An essay by Guest Gero-Punk
You know what’s a funny word? “Spot.” Spot is a very funny word. And don’t stare at it too long, or it will stop looking like a word altogether. Fair warning.
Spot can be a dog, of course. I know this because I work in a public library, and also because Eric Hill started publishing books in the early 80’s, and that was when my children began to enter our family.
This Spot goes in the “board book” section of our library, where things are not alphabetized unless some new or randomly zealous employee gets a sudden fit of Straightening Against the Chaos, ignoring the fact that this will be the shortest lived straightening possible.
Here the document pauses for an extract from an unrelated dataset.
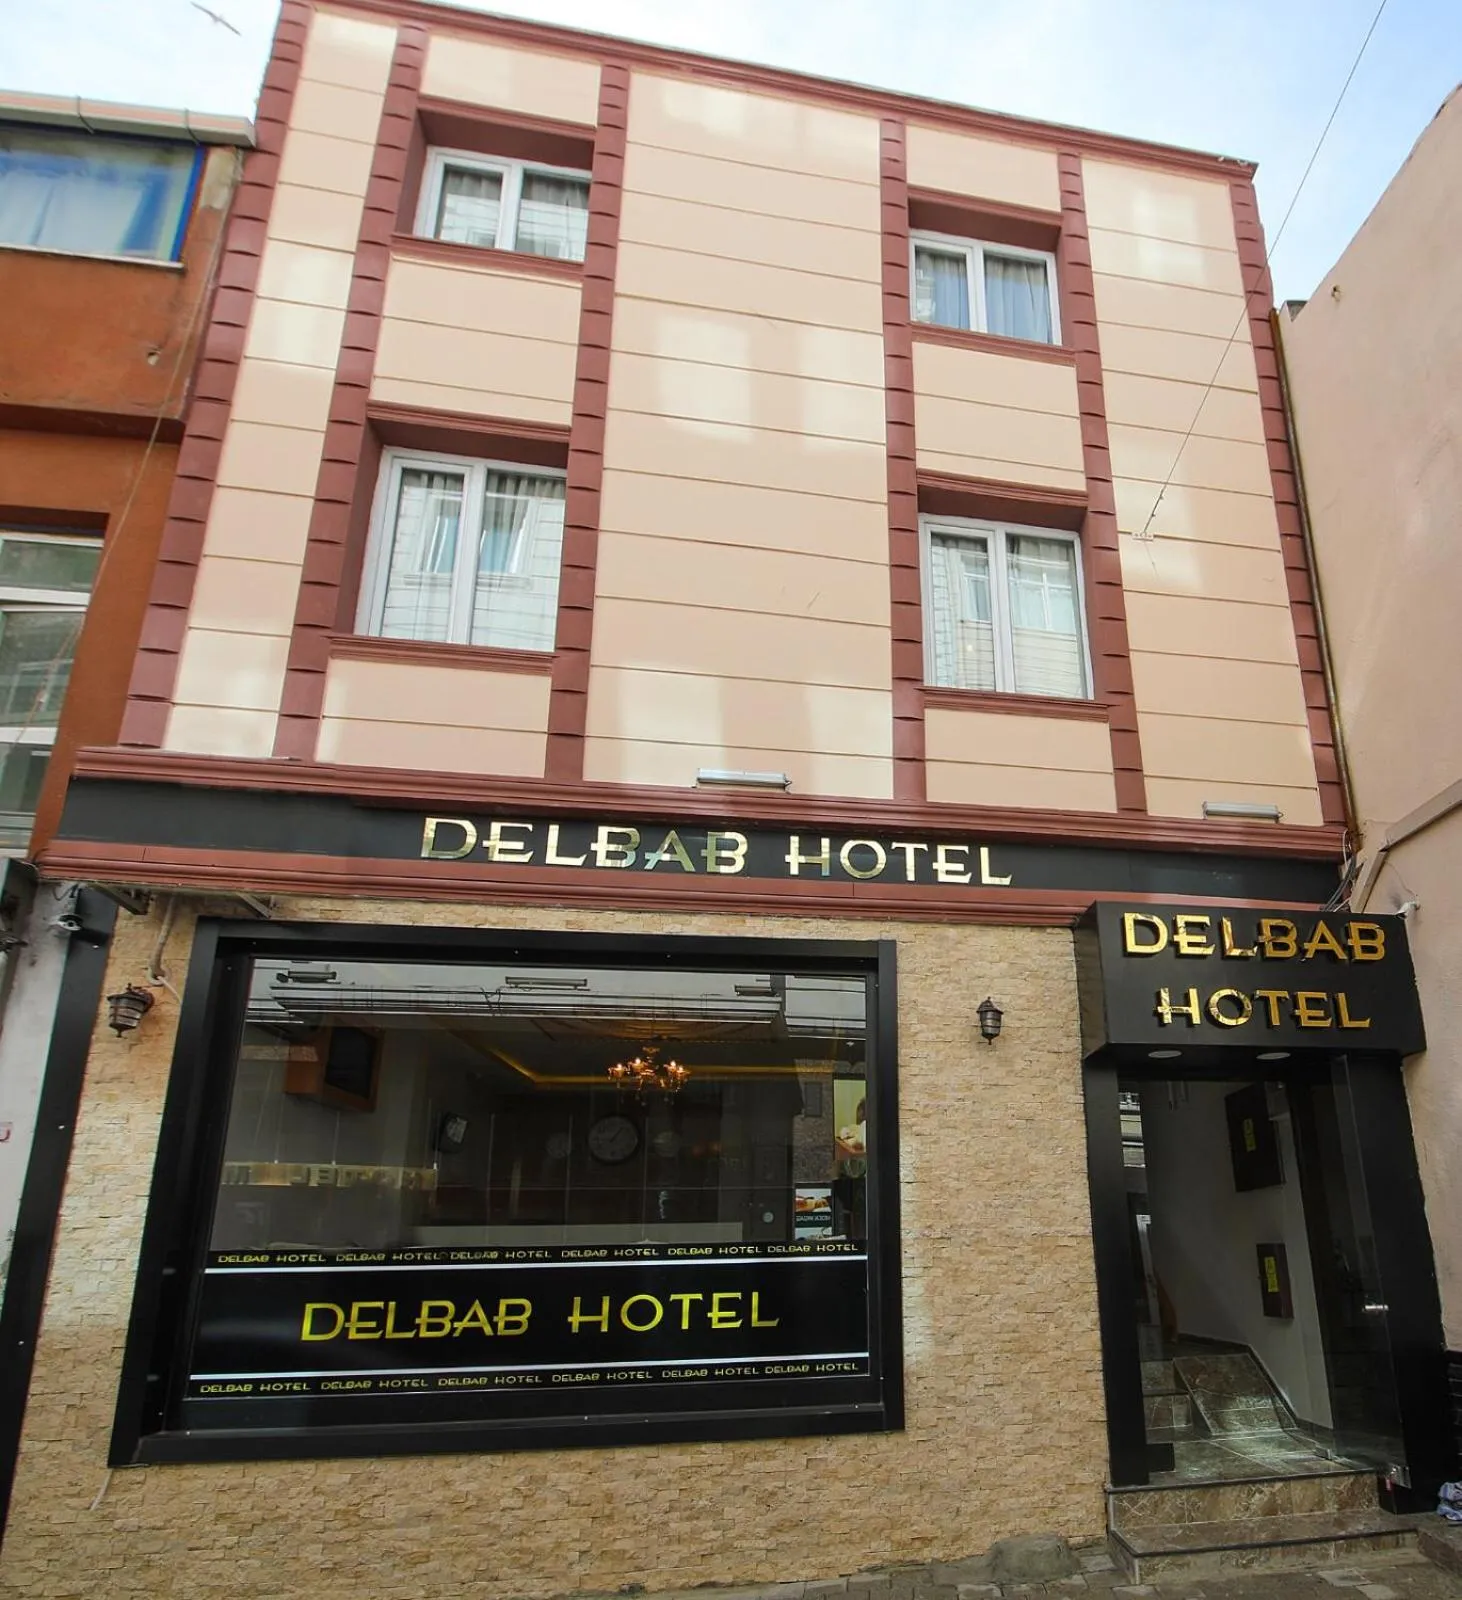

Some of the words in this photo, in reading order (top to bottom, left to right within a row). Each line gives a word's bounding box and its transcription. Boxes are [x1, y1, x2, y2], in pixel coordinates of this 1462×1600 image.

Board books are like the beings who love them – they are joyously unstraightenable.
Spot can also be the thing you’re trying to eliminate when you’re doing laundry. (Please use something nontoxic for this spot removal.) Or, spot can be something you do (“spot the error”) or it can be something you have to live with (the spots in vision that tend to come with age are called “floaters,” for example). There are also spot lights, spot fish (also called the “spot croaker,” a saltwater fish). And people sometimes pause for a spot of lunch. See?
It’s a very funny word, spot.
Spot is also a ballet technique. That’s what keeps going through my head lately. Spotting is a ballet technique that combats dizziness.
Our teacher taught it to us in the class full of little girls who were also learning the five positions and the plié. It goes like this: you find a spot – a place across the room, or a room’s corner or something on the wall – something that remains stationary – and you keep your eyes on it while you rotate your body in a turn … until you can’t. When you begin to lose sight of it, you whip your little head around and catch it again. When a dancer is “spotting,” the head turns faster than the body, even though both head and body turn the same number of times.
You can try it if you want. It’s not that hard if you do it slowly enough at first. Go ahead. Try it. (Did you try it?)
Feel how the management of the dizziness sort of causes its own disorientation? In order to remain upright and to continue to spin, one kind of dizziness is exchanged for another – the debilitating is exchanged for the deliberate. And lately I’ve been thinking that this is exactly how I feel. I feel like a little kid again, trying to stay on my slippery slippers instead of ending up on the floor, while I spin. This is a familiar sensation.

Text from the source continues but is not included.